To accompany the default activist youthworker is the industry of those who support and maintain the resource of this person, seminars on self care, ready to use materials on discipleship and much much more. Usually Sex. Often Sex. If talking about sex with young people, and the broader conversation of sexuality, gender and relationships, was an industry, then im sure someone might be making a packet out if it. Sex in youth ministry chat is the big seller. And for every youthworker especially in the church, being prepared to talk about sex, and being prepared to try and know more about sex is what is kind of expected. (because often no one in the church really wants to do it- i am convinced thats the reason why youthworkers are employed more than ever). It can feel like Sex is the make or break in a youth ministry setting, given the amount of time that seems to be dedicated to talking about it. (or at least in he church at least). Theres even evidence to back this up, or at least there has been some evidence done to show that resources on Sex are what the church needs more than ever. (as a quick plug, my review of Gemma Dunnings book on LGBT and teenagers is here: ).

Talking about sex, talking about anything, with young people for the youthworker might just be their bread and butter, their default. As long as theyve got some information, a bit of an idea of the group and knows them and can shape a programme around them, then actually a youthworker is often in their comfort zone. Often, not always, and not every youthworker is the same. But largely. Its what many of us came into the ‘business’ to do.

Its not talking about sex that is going to cause the biggest issue for a youthworker.

Its talking about strategy. Image result for strategy

And planning. or methods of planning

And thinking above the level of the busy-ness

Its putting the head above the parapet every now and again. 

Its not really knowing what it is we’re doing and being unable to really write it down as a plan. 

Its not really knowing whats going on to be able to think how it is ‘working’ – but it is

Its not giving time to ask the difficult questions – how can I/we do things better/more theologically? 


Talk about Sex in youth work and ministry is easy, everyone wants to talk about it. No one wants to talk about strategy. Yet its not what comes as a default for many many potentially good youthworkers – who arent afforded the chance to become good youthworkers because they’re so stuck in the ongoing swim of the current. (metaphorically, though literally for the river based youthwork practice) . No one wants to talk about strategy. In the same way no one talks about management, closing ministries and what happens during the process of feeling like a failure. (though i have tried, my piece is here:

Thinking strategically doesnt usually come naturally to many a youthworker. Thinking strategically doesnt come naturally to many in christian ministry at all. Because usually it is so boring. It sounds like admin. Its sound like something someone else should do (whilst the youthworker does the fun stuff). It sounds so dull. I guaruntee if there was a series of seminars on ‘Sex and Young people’ it would be packed out. A series on ‘developing strategy in youthwork’ and theres a feint whistle of emptiness as two people turn up. Strategy isnt Sexy, but neither does it feel important.

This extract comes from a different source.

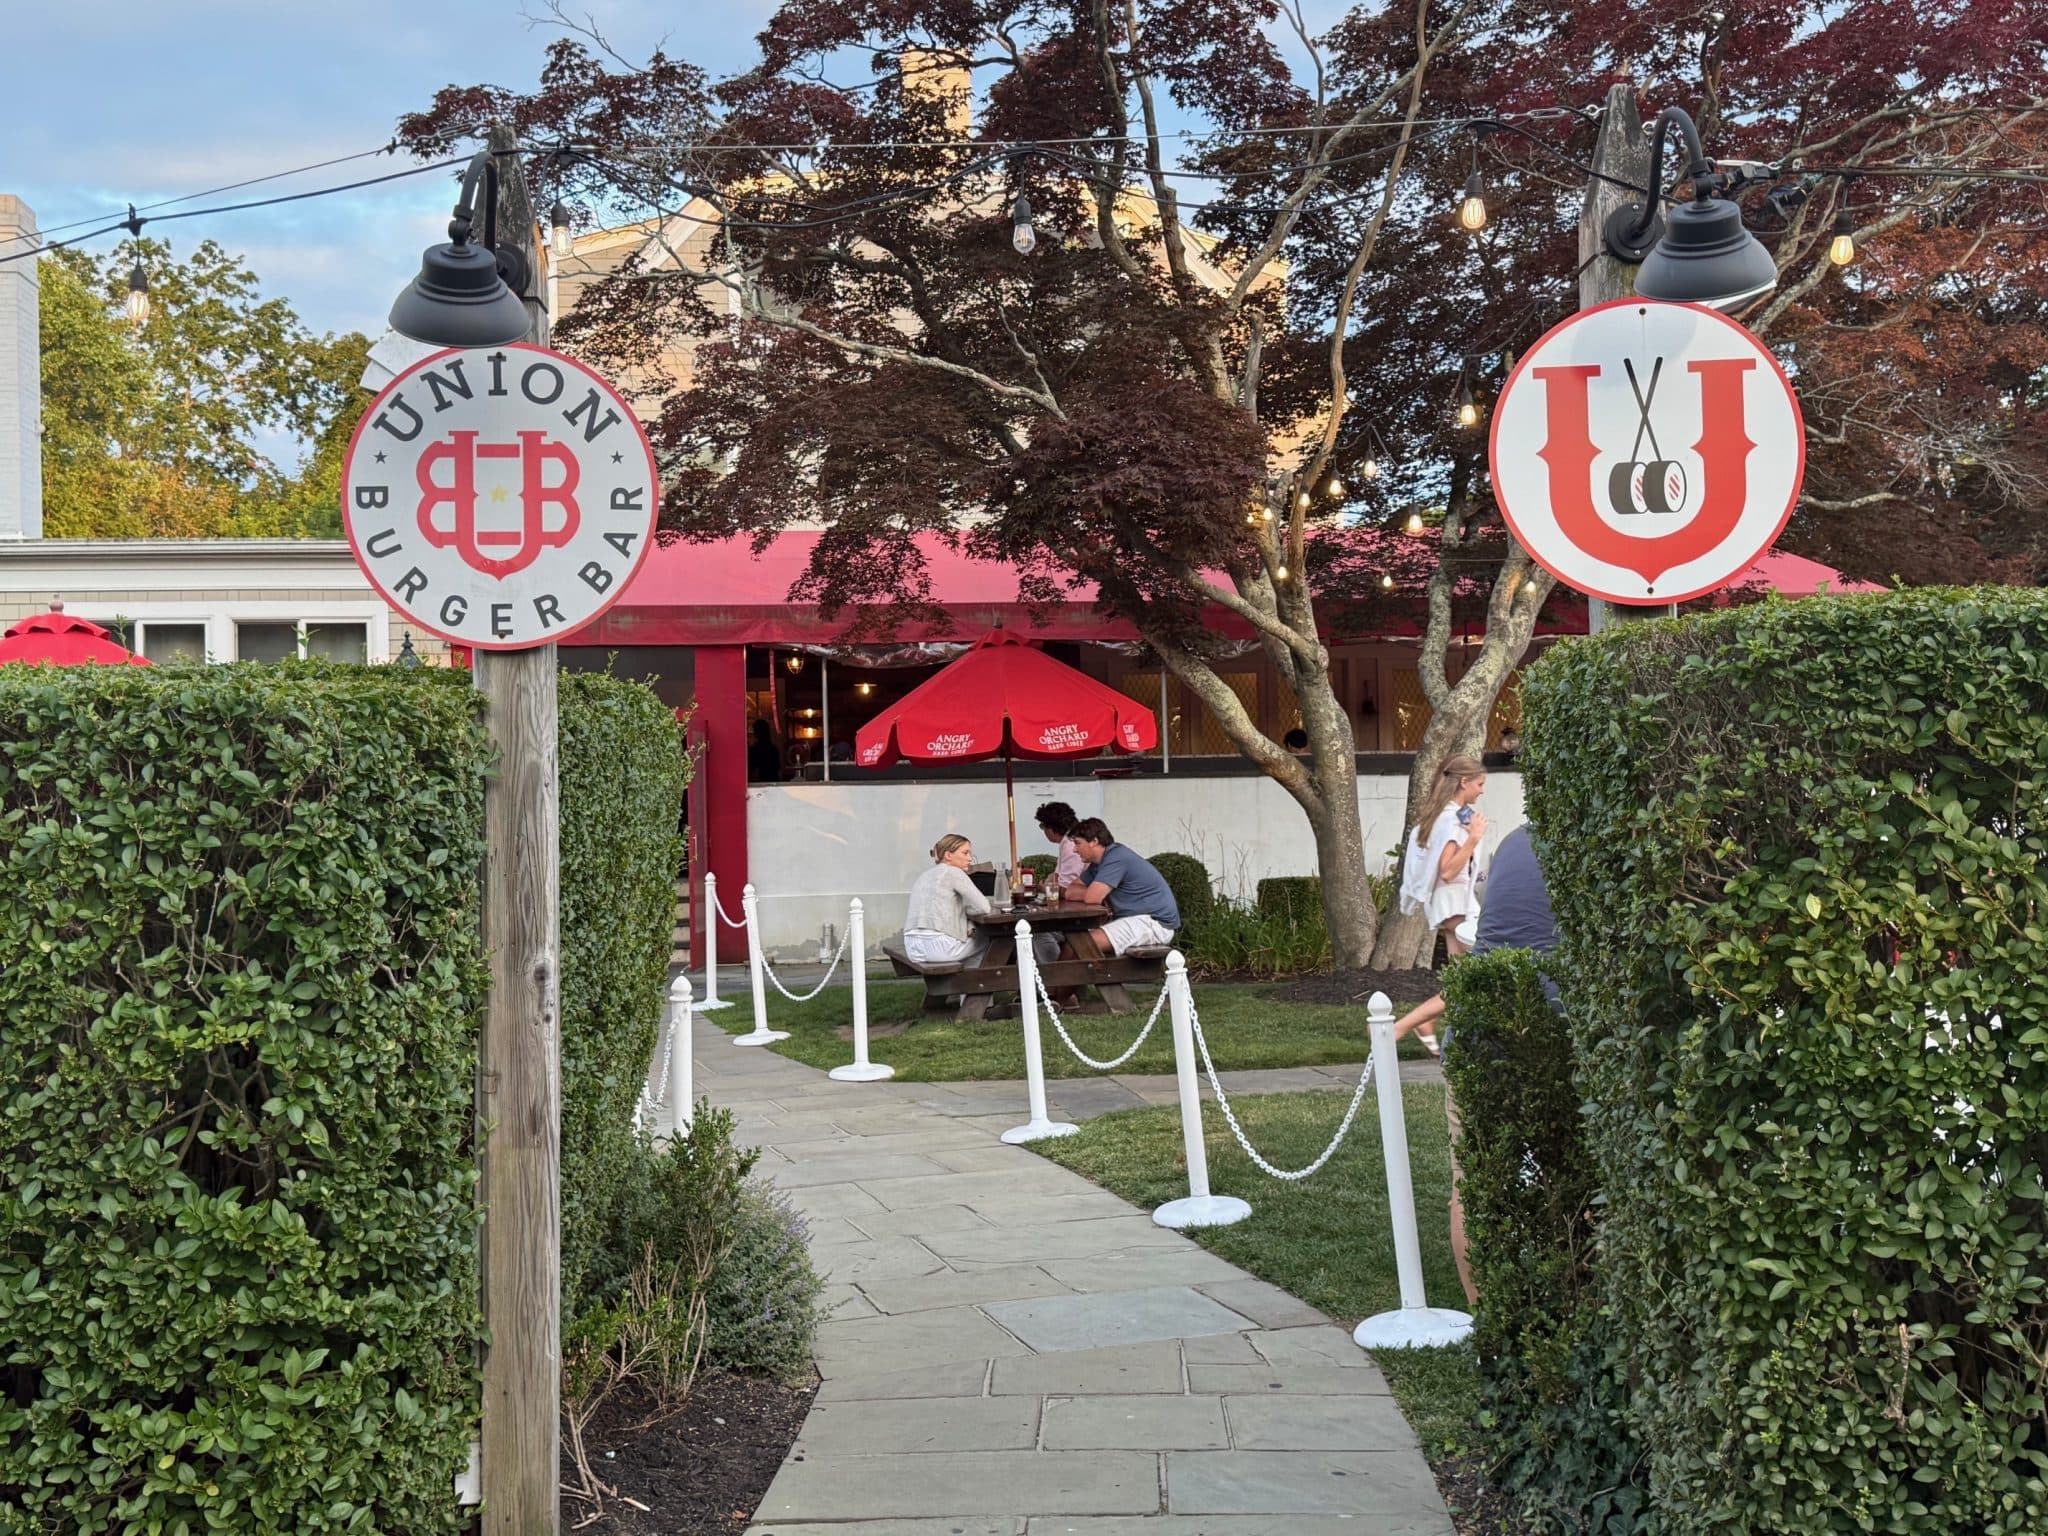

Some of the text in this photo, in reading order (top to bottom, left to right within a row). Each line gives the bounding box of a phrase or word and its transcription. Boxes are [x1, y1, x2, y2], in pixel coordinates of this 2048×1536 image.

But it is. Well it isnt sexy, but it is important.

And it is even more important is its something that hits you like a bolt out of the blue, when someone asks:

do you have a strategic plan for the youth ministry in the church? 


‘The diocese would like you to have  strategy on how we meet the archbishops strategic priorities’


‘we just need you to have a plan for what you’re doing – can you present it to the next PCC?’


‘can you come up with a plan for how to stop young people leaving the church, in the whole of the UK?’


right, you said we need money for the youth group – do you have a strategy for this?’ Image result for planning

It is often at this point that the youthworker is now outside their comfort zone. Talking about sex with a group of teenagers was easy compared to writing some kind of strategy, plan or proposal – where do you start? , And there is literally tons of resources on developing programmes, and approaches and personality and faith withing youth ministry – but where is there a resource on strategic planning?  its not often talked about in ‘youthwork’ magazine for example.

At that point thinking about strategy is in the ‘needed, important and urgent’ category. Unfortunately its also in the Panic category as someone else wants to see it, and soon. Its becomes more dreaded and more important than last nights ‘sex talk’ with the youth group – this has ’employment expectations’ written all over it. This asks us to plan, to think creatively, to show organisation, to think about risks, about evidence, about aims and objectives, it becomes not good enough to say that people showed up to the youth group now, it means that we think more than this. And, given that ‘developing a strategic plan’ isnt part of any school curriculum, this could be the first time that its been a personal requirement.

The other panic, is that not only does it need to be thought through. It needs to be written down, again what does a strategy look like?  I remember once the feeling of abject despondency when i had tried to write up a strategy for youth ministry for a church vision day, and also a church leaders meeting the following month. What i ended up doing was sharing with the whole church a series of ideas, theories and dreams. It may have been colour coded and used great phrases – but it wasnt what was expected. However – it could have been – because for some organisations they operate on dreams and vision – others want plans, processes and detail. In the development of strategy it is worth knowing what might be expected. Though, trust me, no one will be able to actually help you, often presenting a strategy or plan is a sink or swim moment, and guidance is usually limited.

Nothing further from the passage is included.